An important component of the theory of people’s capitalism is the doctrine of the managerial revolution, which was formulated by J. Burnham and further developed by A. Berle, G. C. Means, and other bourgeois economists and sociologists. The doctrine of the managerial revolution alleges that the capitalists have been transformed into nominal proprietors and the full complement of power has been transferred to hired managers, who provide leadership in the interests of the entire society. The increase in the number of hired managers and, specifically, the advancement of certain managers to top positions in the economy and in politics create the illusion that this managerial stratum is autonomous, or independent of the proprietors of capital. However, supreme control over the managers is exercised by the financial magnates, who own controlling blocks of shares.

The concept of the “revolution in incomes,” which is fostered, for example, by the American economist S. Kuznets, is based on calculations of the dynamics of personal income distribution among various population groups. According to these calculations, the share of the group with the highest incomes (the upper 5 percent of the population) has supposedly declined markedly. Because they fail to take into account a number of other forms of income enjoyed by this population group, which includes the elite circles of the bourgeoisie, these calculations distort the actual situation. Recalculations, especially those made by the progressive American economist V. Perlo, refute the myth of the revolution in incomes. Characteristic of capitalist society is a tendency toward the reduction of the working class’ share in the national income. Lenin observed: “The workers’ comparative share in capitalist society, which is fast growing rich, is dwindling because the millionaires are becoming ever richer” (Poln. sobr. soch., 5th ed., vol. 22, p. 222). For example, the wages of workers and the salaries of office employees in the Federal Republic of Germany represented 46.3 percent of the national income in 1950, but by the end of the 1960’s the figure had declined to 45.8 percent. During this period the number of wage laborers increased from 15.6 million to 21.8 million. In 1968 the per capita net income of entrepreneurs was 6.8 times greater than in 1950, but the workers’ wages, only 3.4 times greater. In practice, the distribution of incomes among classes in bourgeois society refutes the main propositions of the doctrine of the revolution in incomes and confirms the growing inequality between the working people and the capitalists.
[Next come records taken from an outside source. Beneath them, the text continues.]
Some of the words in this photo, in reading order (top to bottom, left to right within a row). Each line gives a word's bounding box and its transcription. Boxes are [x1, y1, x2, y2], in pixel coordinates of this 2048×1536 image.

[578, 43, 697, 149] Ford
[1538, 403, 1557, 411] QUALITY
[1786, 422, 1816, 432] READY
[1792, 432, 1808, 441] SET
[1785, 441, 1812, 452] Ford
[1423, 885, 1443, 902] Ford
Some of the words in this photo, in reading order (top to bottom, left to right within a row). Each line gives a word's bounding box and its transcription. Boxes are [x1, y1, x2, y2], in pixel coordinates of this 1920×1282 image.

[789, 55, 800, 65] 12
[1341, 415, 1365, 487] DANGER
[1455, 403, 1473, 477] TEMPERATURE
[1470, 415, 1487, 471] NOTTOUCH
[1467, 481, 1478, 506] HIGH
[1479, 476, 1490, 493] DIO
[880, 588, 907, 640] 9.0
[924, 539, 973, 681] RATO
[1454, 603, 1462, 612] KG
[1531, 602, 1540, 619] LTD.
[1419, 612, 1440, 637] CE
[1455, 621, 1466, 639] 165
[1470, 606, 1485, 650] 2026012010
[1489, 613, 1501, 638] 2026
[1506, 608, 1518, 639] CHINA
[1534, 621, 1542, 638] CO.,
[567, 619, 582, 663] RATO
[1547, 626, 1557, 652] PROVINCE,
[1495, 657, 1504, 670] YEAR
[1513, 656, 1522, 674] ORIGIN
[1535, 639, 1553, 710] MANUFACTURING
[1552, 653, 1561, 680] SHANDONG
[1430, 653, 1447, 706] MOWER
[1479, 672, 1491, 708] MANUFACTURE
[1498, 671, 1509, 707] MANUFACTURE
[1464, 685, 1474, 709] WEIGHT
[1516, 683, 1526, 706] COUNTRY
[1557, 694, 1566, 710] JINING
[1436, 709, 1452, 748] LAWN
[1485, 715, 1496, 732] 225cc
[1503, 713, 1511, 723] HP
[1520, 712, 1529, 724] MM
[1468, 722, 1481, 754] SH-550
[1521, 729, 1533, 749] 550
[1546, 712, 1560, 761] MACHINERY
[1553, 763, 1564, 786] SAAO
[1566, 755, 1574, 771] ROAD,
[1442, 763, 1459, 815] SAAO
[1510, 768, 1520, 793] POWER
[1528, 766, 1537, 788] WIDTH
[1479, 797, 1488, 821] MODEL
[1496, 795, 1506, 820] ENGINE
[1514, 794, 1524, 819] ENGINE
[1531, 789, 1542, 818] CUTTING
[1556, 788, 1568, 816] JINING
Despite the attempts of the theoreticians and propagandists of people’s capitalism to ideologically disarm the working people and impose on them false concepts about a “classless” society, the “disappearance” of classes, “social harmony,” and “partnership,” contradictions between labor and capital continue to be exacerbated. The growth of the strike movement, the most massive form of class struggle by the proletariat, is evidence of this. Between 1958 and 1971, 490 million people participated in strikes in the developed capitalist countries. This figure is seven times the total for the 20 years preceding World War II (1919–39), when a total of 74 million workers participated in strikes in the developed capitalist countries.

On the whole, the theory of people’s capitalism in its various modifications strives to prettify capitalism and mask the existence of irreconcilable contradictions between the working people and the monopolists.